Beyond words: AI goes multimodal to meet you where you are

by Susanna Ray

It’s been raining for days when you’re scrolling the web and come across a picture of a beautiful beach set against turquoise water that sparkles in the sunshine. Where is that, you ask aloud, and how can I get there? 

The answer is immediate. Your AI assistant not only identifies the beach but puts together a whole vacation plan for you. You talk through the details to refine your itinerary, get some tips on coping with the dreary weather in the meantime and start playing a suggested soundtrack to help lift your mood. 

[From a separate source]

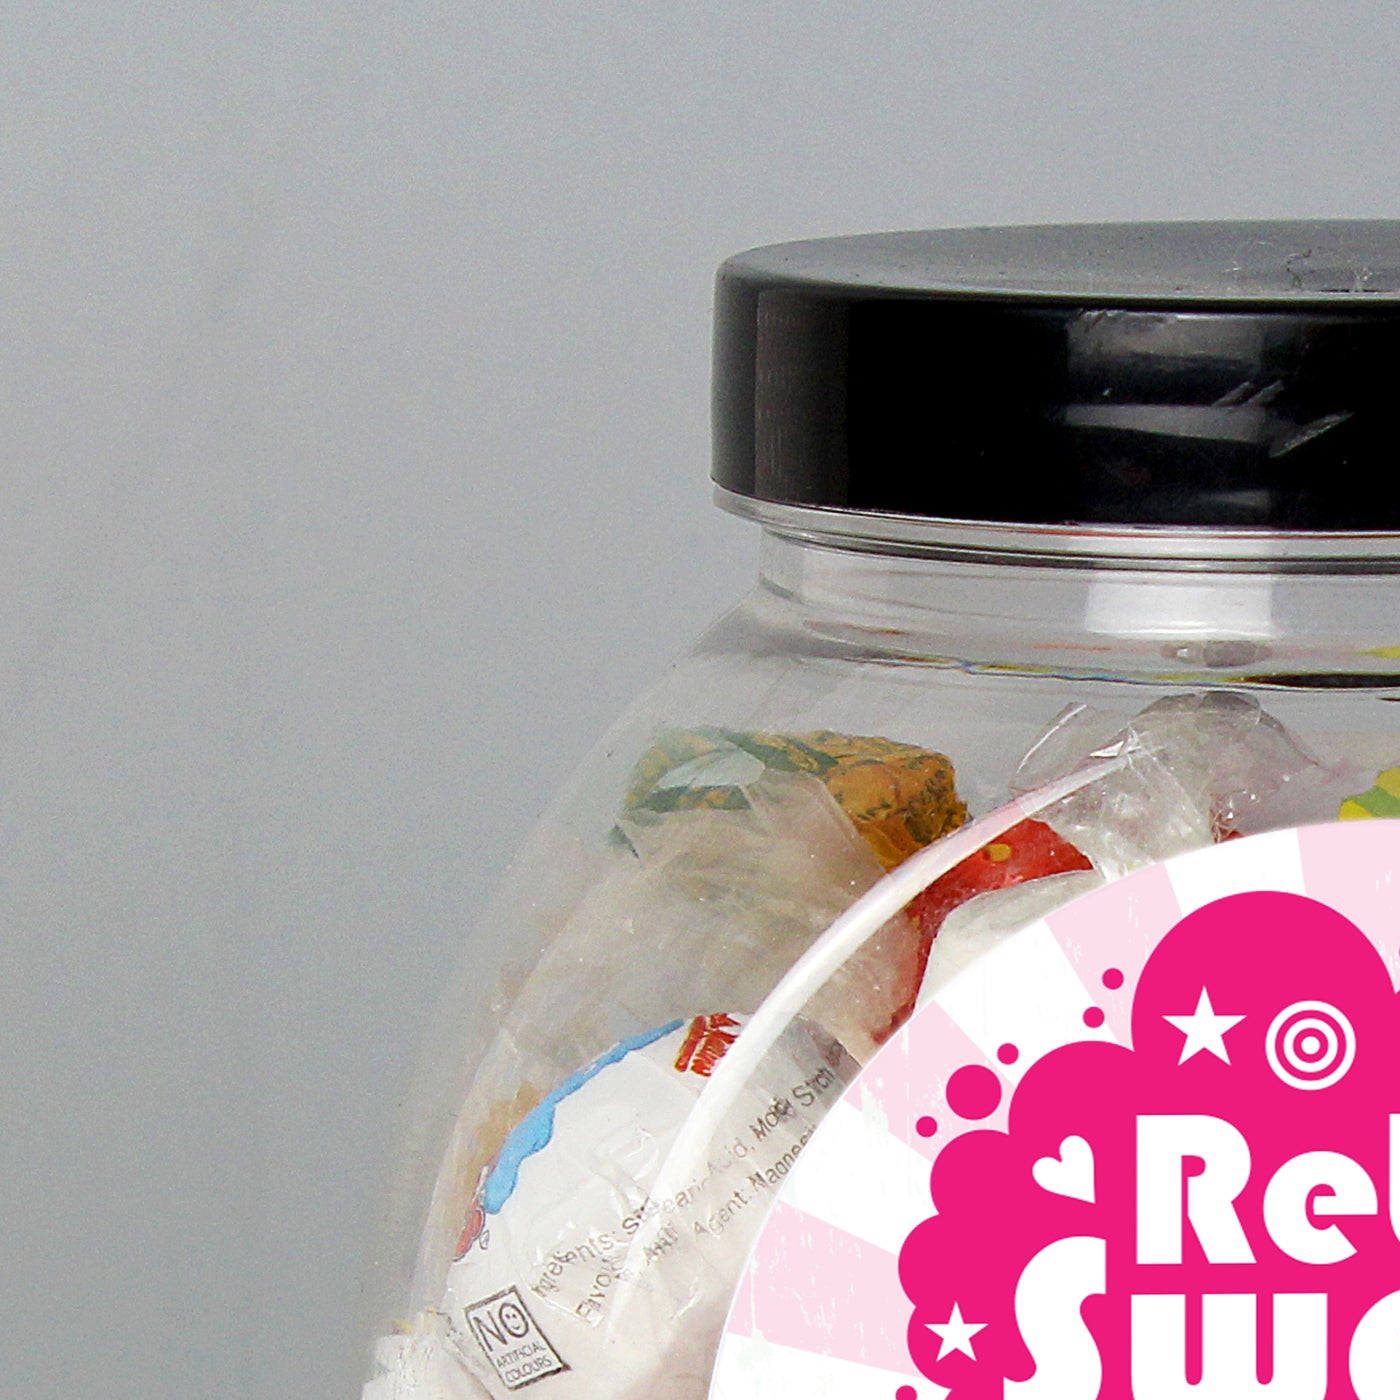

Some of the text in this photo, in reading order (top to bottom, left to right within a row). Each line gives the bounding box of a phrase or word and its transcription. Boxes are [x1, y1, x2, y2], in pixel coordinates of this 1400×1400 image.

[472, 1301, 529, 1353] NO
[496, 1340, 548, 1369] ARTIFICIAL
[504, 1354, 553, 1383] COLOURS

AI experiences increasingly are becoming multimodal, which means they can go beyond simple text prompts — you type a question; the tool answers — by using images, audio and video to see what you see online and hear what you hear. Those capabilities are helping the latest AI tools get a fuller picture of what you’re looking to do, all while giving you more intuitive ways to interact with the technology and get information even more quickly and easily. 

Just like human brains absorb information from text, images and audio simultaneously, with multimodal AI researchers have worked to “collapse all these capabilities into one universal model,” says Ryan Volum, who’s guiding the development of AI products at Microsoft. “We’re giving it more and more of the world we see as humans.” 

While multimodal AI models are not entirely new, they’re starting to have real-world impact with tools to help doctors diagnose and treat patients with more precision and weather agencies predict severe storms more accurately.  

Multimodal tools are helping people simplify more mundane matters as well — such as when Volum was recently trying to choose among different health insurance options. 

Instead of having to pore over the dense language of each plan, Volum turned to Copilot Vision, a Microsoft feature that provides real-time assistance to make navigating the web less overwhelming. With his permission, Copilot Vision was able to see everything on the site he was perusing — not just text, but charts and images as well — and summarize it all for him in less time than it would have taken him to wade through the first line.  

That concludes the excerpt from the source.